-- GOAL OF THE EXERCISE --
Output every record word for word, minus the pictures.

-- EXTRACTED RECORDS --

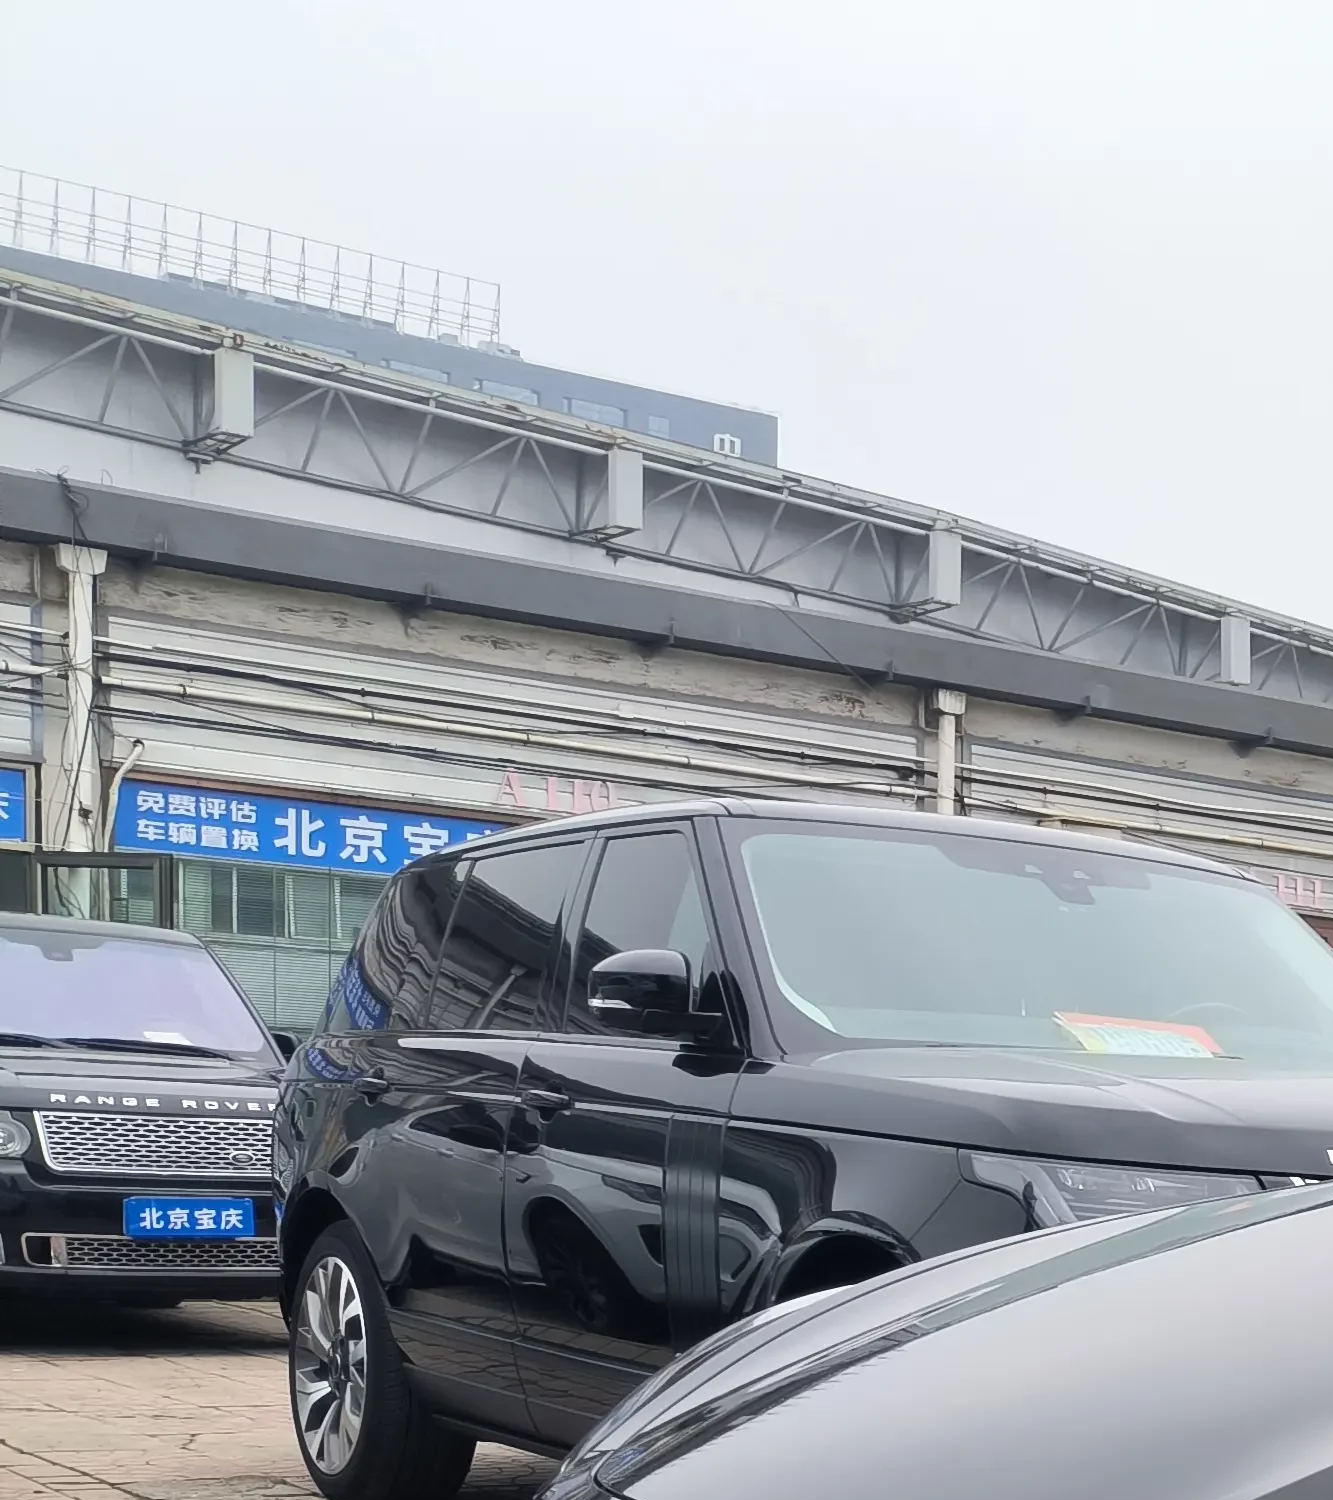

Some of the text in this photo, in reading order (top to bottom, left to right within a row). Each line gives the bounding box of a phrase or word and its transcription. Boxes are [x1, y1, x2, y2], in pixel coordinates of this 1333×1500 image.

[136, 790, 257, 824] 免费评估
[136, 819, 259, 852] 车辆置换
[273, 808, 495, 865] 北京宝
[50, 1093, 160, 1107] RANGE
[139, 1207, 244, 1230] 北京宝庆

-- ANSWER FOR THIS EXERCISE --
Some of the text in this photo, in reading order (top to bottom, left to right within a row). Each line gives the bounding box of a phrase or word and its transcription. Boxes are [x1, y1, x2, y2], in pixel coordinates of this 1333×1500 image.

[136, 790, 257, 824] 免费评估
[136, 819, 259, 852] 车辆置换
[273, 808, 495, 865] 北京宝
[50, 1093, 160, 1107] RANGE
[139, 1207, 244, 1230] 北京宝庆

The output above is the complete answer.